> **Required work**
Once the pictures have been set aside, copy every remaining entry exactly.

(The records)

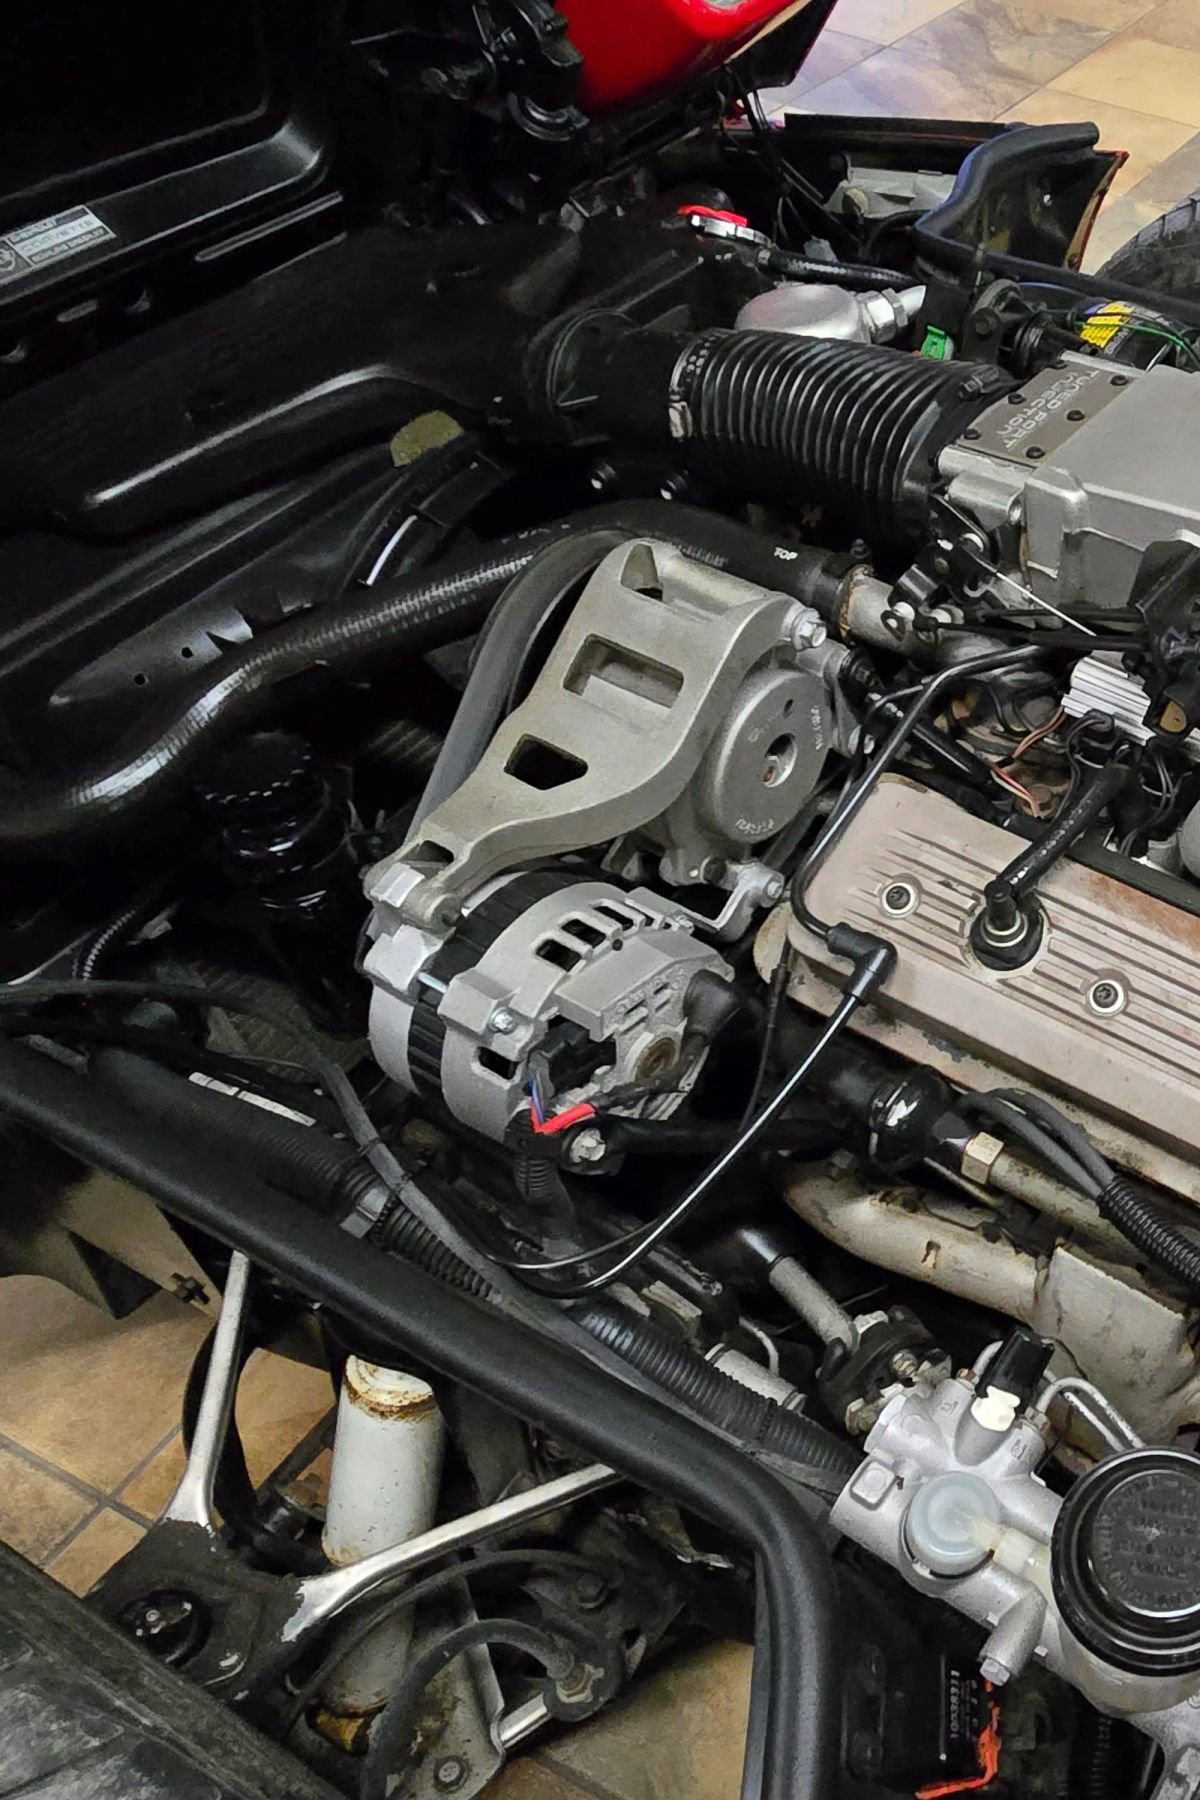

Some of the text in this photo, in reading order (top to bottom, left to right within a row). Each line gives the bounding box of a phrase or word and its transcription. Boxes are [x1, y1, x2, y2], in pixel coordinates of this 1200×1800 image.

[996, 372, 1079, 436] INJECTION
[1002, 369, 1100, 449] TUNED PORT
[773, 546, 799, 561] TOP
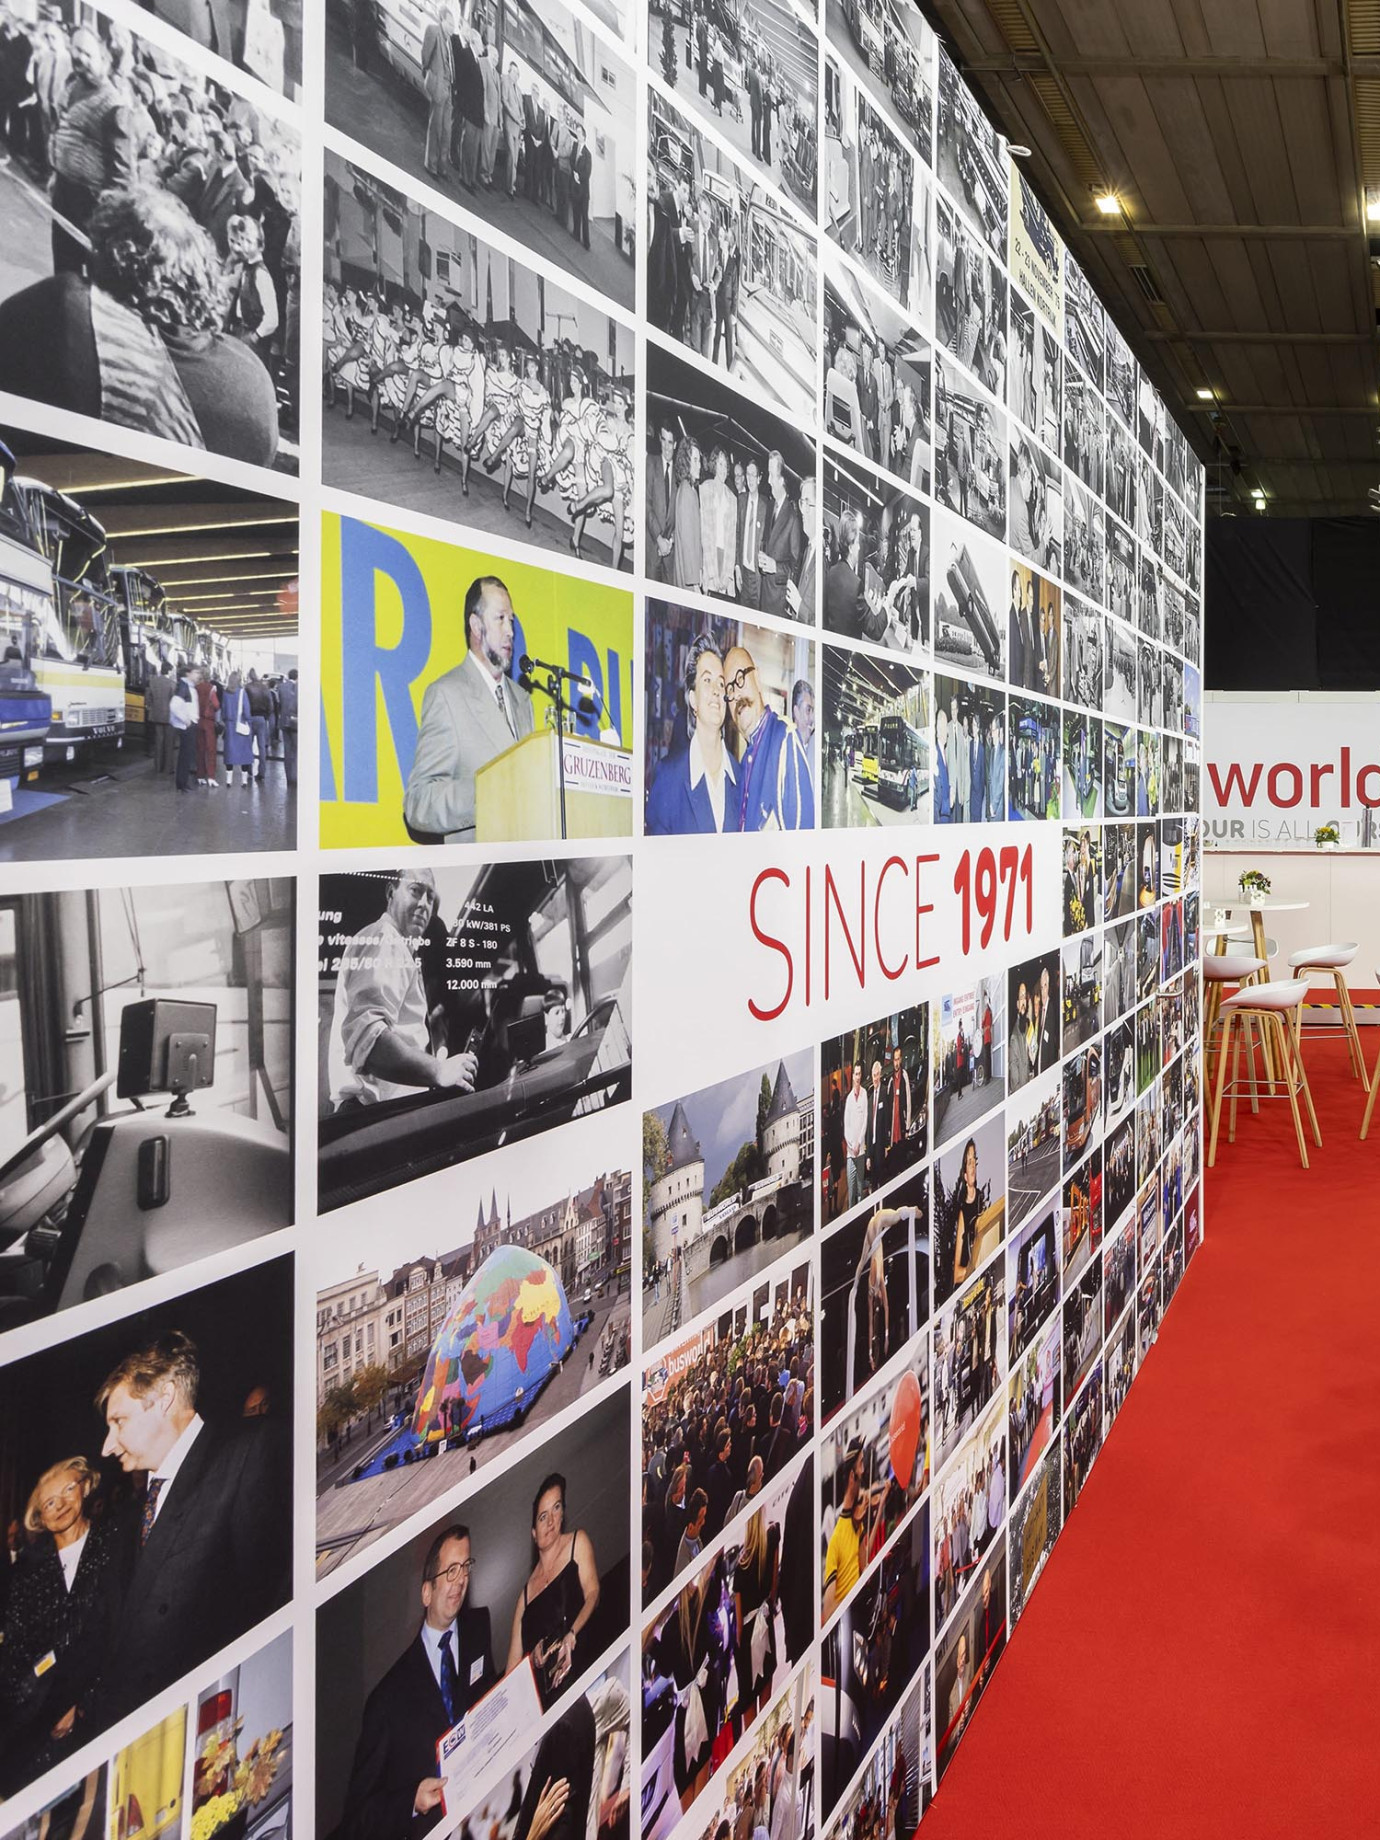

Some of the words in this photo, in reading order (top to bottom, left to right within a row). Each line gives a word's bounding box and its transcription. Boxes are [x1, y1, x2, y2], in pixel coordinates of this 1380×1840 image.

[564, 754, 631, 785] GRUZENBERG
[1252, 819, 1271, 838] IS
[1278, 819, 1315, 839] ALL
[483, 904, 494, 913] LA
[466, 920, 498, 931] kW/381
[501, 924, 511, 932] PS
[748, 854, 940, 1021] SINCE
[954, 843, 1032, 956] 1971
[328, 933, 431, 947] vitesses/triebe
[446, 937, 458, 947] ZF
[460, 938, 466, 947] 8
[468, 939, 475, 948] S
[482, 940, 497, 949] 180
[446, 958, 473, 968] 3.590
[446, 979, 479, 990] 12.000

(End The records)

> **Response to this exercise**
Some of the text in this photo, in reading order (top to bottom, left to right within a row). Each line gives the bounding box of a phrase or word and its transcription. Boxes are [x1, y1, x2, y2], in pixel coordinates of this 1200×1800 image.

[996, 372, 1079, 436] INJECTION
[1002, 369, 1100, 449] TUNED PORT
[773, 546, 799, 561] TOP

Some of the words in this photo, in reading order (top to bottom, left to right within a row). Each line gives a word's bounding box and its transcription. Boxes are [x1, y1, x2, y2], in pixel coordinates of this 1380×1840 image.

[564, 754, 631, 785] GRUZENBERG
[1252, 819, 1271, 838] IS
[1278, 819, 1315, 839] ALL
[483, 904, 494, 913] LA
[466, 920, 498, 931] kW/381
[501, 924, 511, 932] PS
[748, 854, 940, 1021] SINCE
[954, 843, 1032, 956] 1971
[328, 933, 431, 947] vitesses/triebe
[446, 937, 458, 947] ZF
[460, 938, 466, 947] 8
[468, 939, 475, 948] S
[482, 940, 497, 949] 180
[446, 958, 473, 968] 3.590
[446, 979, 479, 990] 12.000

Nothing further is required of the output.